### Task directions
What this exercise calls for is an exact copy of the data.

Material for the task START

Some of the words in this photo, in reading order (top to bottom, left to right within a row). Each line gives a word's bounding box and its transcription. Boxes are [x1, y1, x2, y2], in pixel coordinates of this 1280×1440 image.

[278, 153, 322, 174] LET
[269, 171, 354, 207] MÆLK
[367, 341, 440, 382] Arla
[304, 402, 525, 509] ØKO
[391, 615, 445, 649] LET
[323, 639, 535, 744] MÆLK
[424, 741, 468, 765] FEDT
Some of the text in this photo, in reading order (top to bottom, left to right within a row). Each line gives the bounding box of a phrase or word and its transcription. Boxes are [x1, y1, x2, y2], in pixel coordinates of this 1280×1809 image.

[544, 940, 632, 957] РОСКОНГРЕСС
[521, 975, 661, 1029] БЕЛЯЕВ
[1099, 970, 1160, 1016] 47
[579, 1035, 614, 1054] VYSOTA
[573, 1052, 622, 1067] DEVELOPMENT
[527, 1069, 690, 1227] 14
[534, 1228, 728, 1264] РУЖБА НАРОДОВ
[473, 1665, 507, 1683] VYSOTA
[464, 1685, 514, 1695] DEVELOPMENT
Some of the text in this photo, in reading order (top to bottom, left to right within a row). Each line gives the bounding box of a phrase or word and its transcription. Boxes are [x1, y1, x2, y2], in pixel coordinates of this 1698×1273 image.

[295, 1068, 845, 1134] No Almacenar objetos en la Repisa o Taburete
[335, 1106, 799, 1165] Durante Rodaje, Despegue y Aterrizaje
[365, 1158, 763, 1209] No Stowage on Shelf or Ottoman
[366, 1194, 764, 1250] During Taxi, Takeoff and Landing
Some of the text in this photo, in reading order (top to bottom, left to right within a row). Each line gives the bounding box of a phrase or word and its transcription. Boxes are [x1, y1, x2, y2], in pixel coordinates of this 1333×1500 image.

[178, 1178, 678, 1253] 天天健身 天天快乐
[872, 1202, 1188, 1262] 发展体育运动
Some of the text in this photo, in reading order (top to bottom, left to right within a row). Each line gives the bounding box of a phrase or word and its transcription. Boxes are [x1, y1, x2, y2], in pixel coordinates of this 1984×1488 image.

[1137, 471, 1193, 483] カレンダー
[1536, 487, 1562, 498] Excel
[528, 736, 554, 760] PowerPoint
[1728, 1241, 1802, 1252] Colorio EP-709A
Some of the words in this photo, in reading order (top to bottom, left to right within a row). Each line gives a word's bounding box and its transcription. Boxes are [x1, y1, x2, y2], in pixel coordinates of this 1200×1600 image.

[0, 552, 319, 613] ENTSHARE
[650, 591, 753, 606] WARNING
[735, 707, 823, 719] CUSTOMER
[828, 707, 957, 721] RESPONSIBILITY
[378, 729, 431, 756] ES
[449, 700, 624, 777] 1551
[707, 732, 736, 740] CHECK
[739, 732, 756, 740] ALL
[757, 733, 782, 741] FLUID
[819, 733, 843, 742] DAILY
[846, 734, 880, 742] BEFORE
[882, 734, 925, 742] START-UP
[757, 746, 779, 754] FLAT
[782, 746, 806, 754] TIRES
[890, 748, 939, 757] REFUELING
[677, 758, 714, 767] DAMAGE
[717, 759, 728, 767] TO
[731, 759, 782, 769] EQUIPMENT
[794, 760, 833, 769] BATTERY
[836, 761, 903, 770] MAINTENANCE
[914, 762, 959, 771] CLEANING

Material for the task END

### Result for this task
Some of the words in this photo, in reading order (top to bottom, left to right within a row). Each line gives a word's bounding box and its transcription. Boxes are [x1, y1, x2, y2], in pixel coordinates of this 1280×1440 image.

[278, 153, 322, 174] LET
[269, 171, 354, 207] MÆLK
[367, 341, 440, 382] Arla
[304, 402, 525, 509] ØKO
[391, 615, 445, 649] LET
[323, 639, 535, 744] MÆLK
[424, 741, 468, 765] FEDT
Some of the text in this photo, in reading order (top to bottom, left to right within a row). Each line gives the bounding box of a phrase or word and its transcription. Boxes are [x1, y1, x2, y2], in pixel coordinates of this 1280×1809 image.

[544, 940, 632, 957] РОСКОНГРЕСС
[521, 975, 661, 1029] БЕЛЯЕВ
[1099, 970, 1160, 1016] 47
[579, 1035, 614, 1054] VYSOTA
[573, 1052, 622, 1067] DEVELOPMENT
[527, 1069, 690, 1227] 14
[534, 1228, 728, 1264] РУЖБА НАРОДОВ
[473, 1665, 507, 1683] VYSOTA
[464, 1685, 514, 1695] DEVELOPMENT
Some of the text in this photo, in reading order (top to bottom, left to right within a row). Each line gives the bounding box of a phrase or word and its transcription. Boxes are [x1, y1, x2, y2], in pixel coordinates of this 1698×1273 image.

[295, 1068, 845, 1134] No Almacenar objetos en la Repisa o Taburete
[335, 1106, 799, 1165] Durante Rodaje, Despegue y Aterrizaje
[365, 1158, 763, 1209] No Stowage on Shelf or Ottoman
[366, 1194, 764, 1250] During Taxi, Takeoff and Landing
Some of the text in this photo, in reading order (top to bottom, left to right within a row). Each line gives the bounding box of a phrase or word and its transcription. Boxes are [x1, y1, x2, y2], in pixel coordinates of this 1333×1500 image.

[178, 1178, 678, 1253] 天天健身 天天快乐
[872, 1202, 1188, 1262] 发展体育运动
Some of the text in this photo, in reading order (top to bottom, left to right within a row). Each line gives the bounding box of a phrase or word and its transcription. Boxes are [x1, y1, x2, y2], in pixel coordinates of this 1984×1488 image.

[1137, 471, 1193, 483] カレンダー
[1536, 487, 1562, 498] Excel
[528, 736, 554, 760] PowerPoint
[1728, 1241, 1802, 1252] Colorio EP-709A
Some of the words in this photo, in reading order (top to bottom, left to right within a row). Each line gives a word's bounding box and its transcription. Boxes are [x1, y1, x2, y2], in pixel coordinates of this 1200×1600 image.

[0, 552, 319, 613] ENTSHARE
[650, 591, 753, 606] WARNING
[735, 707, 823, 719] CUSTOMER
[828, 707, 957, 721] RESPONSIBILITY
[378, 729, 431, 756] ES
[449, 700, 624, 777] 1551
[707, 732, 736, 740] CHECK
[739, 732, 756, 740] ALL
[757, 733, 782, 741] FLUID
[819, 733, 843, 742] DAILY
[846, 734, 880, 742] BEFORE
[882, 734, 925, 742] START-UP
[757, 746, 779, 754] FLAT
[782, 746, 806, 754] TIRES
[890, 748, 939, 757] REFUELING
[677, 758, 714, 767] DAMAGE
[717, 759, 728, 767] TO
[731, 759, 782, 769] EQUIPMENT
[794, 760, 833, 769] BATTERY
[836, 761, 903, 770] MAINTENANCE
[914, 762, 959, 771] CLEANING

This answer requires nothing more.